Extracted entries
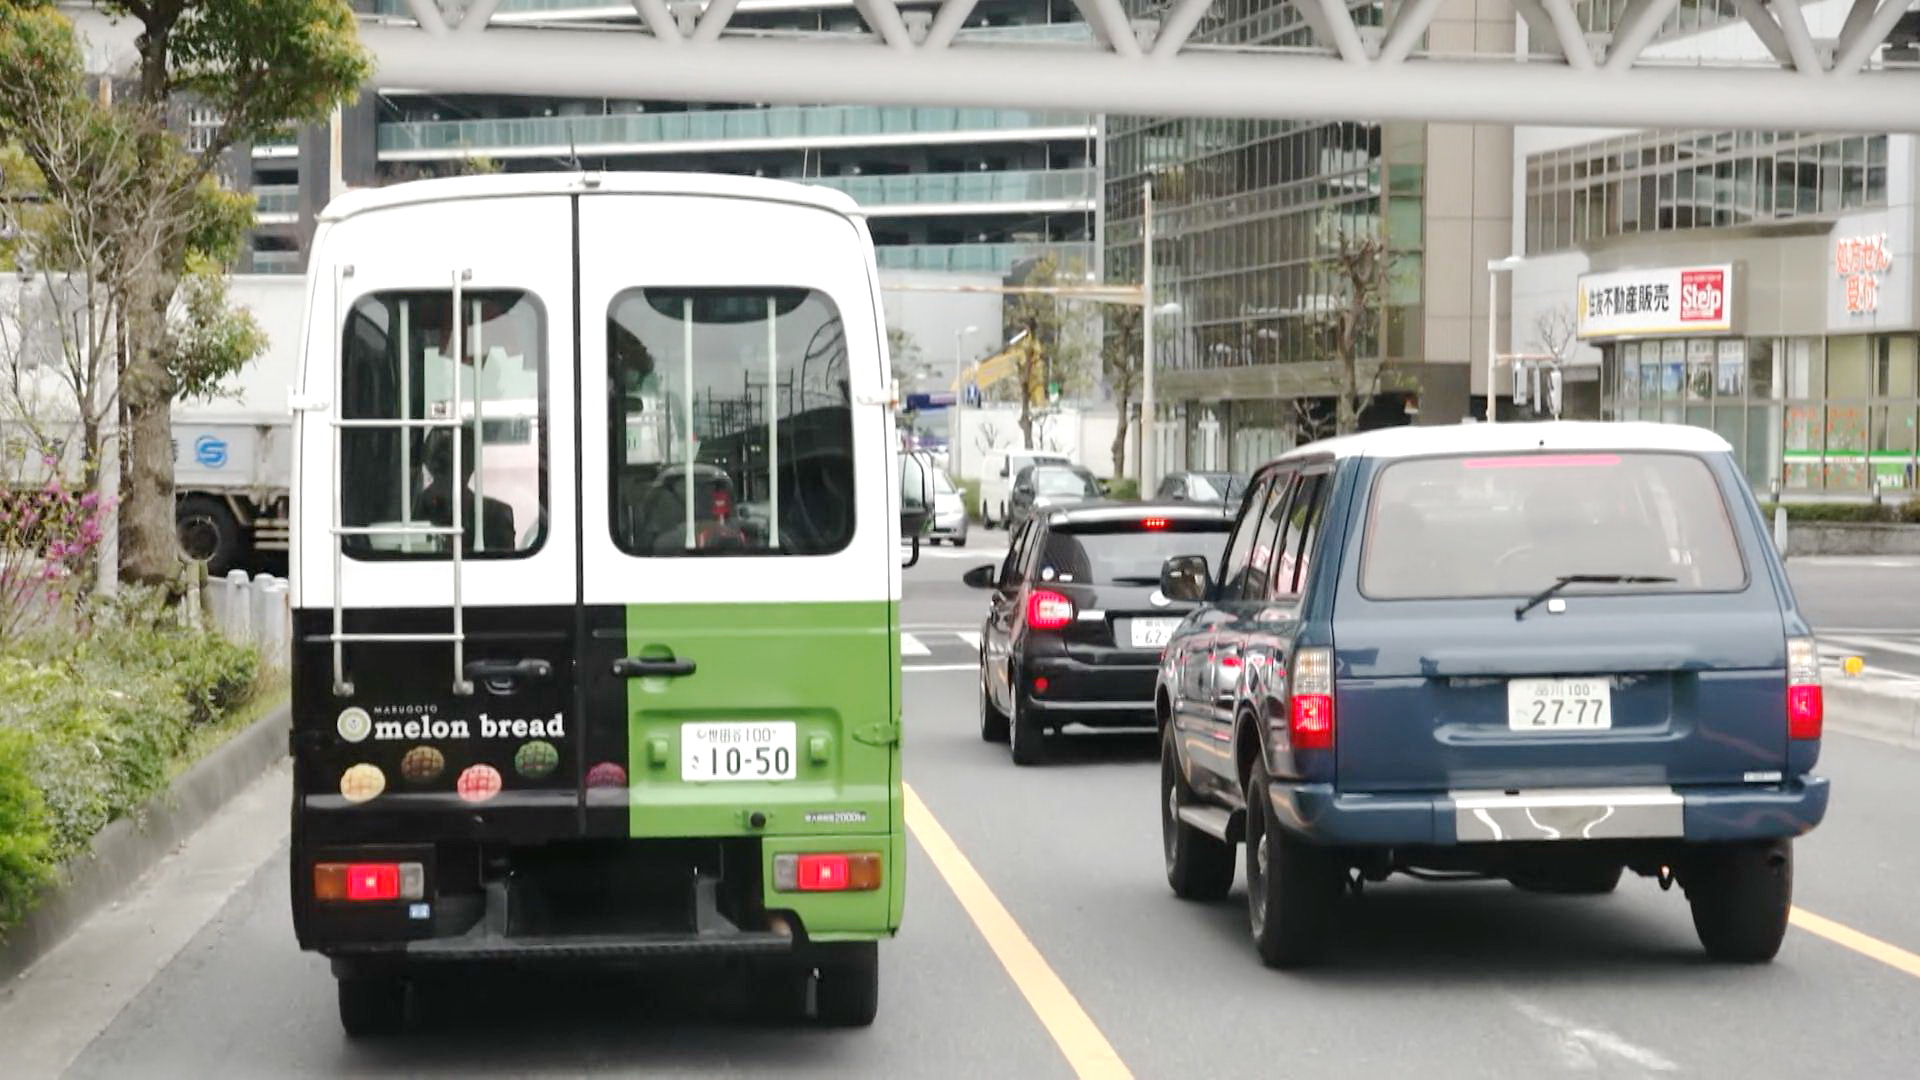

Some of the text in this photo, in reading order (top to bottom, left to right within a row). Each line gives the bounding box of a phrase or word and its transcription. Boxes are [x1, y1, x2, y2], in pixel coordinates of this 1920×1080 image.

[1589, 284, 1670, 318] 住友不動産販売
[1845, 274, 1879, 313] 受付
[374, 704, 438, 714] MARUGOTO
[1532, 699, 1603, 726] 27-77
[374, 713, 565, 740] melon bread
[712, 746, 789, 776] 10-50

Problem to solve
Set down all of the entries precisely and keep the pictures out of the copy.

Your response
Some of the text in this photo, in reading order (top to bottom, left to right within a row). Each line gives the bounding box of a phrase or word and its transcription. Boxes are [x1, y1, x2, y2], in pixel coordinates of this 1920×1080 image.

[1589, 284, 1670, 318] 住友不動産販売
[1845, 274, 1879, 313] 受付
[374, 704, 438, 714] MARUGOTO
[1532, 699, 1603, 726] 27-77
[374, 713, 565, 740] melon bread
[712, 746, 789, 776] 10-50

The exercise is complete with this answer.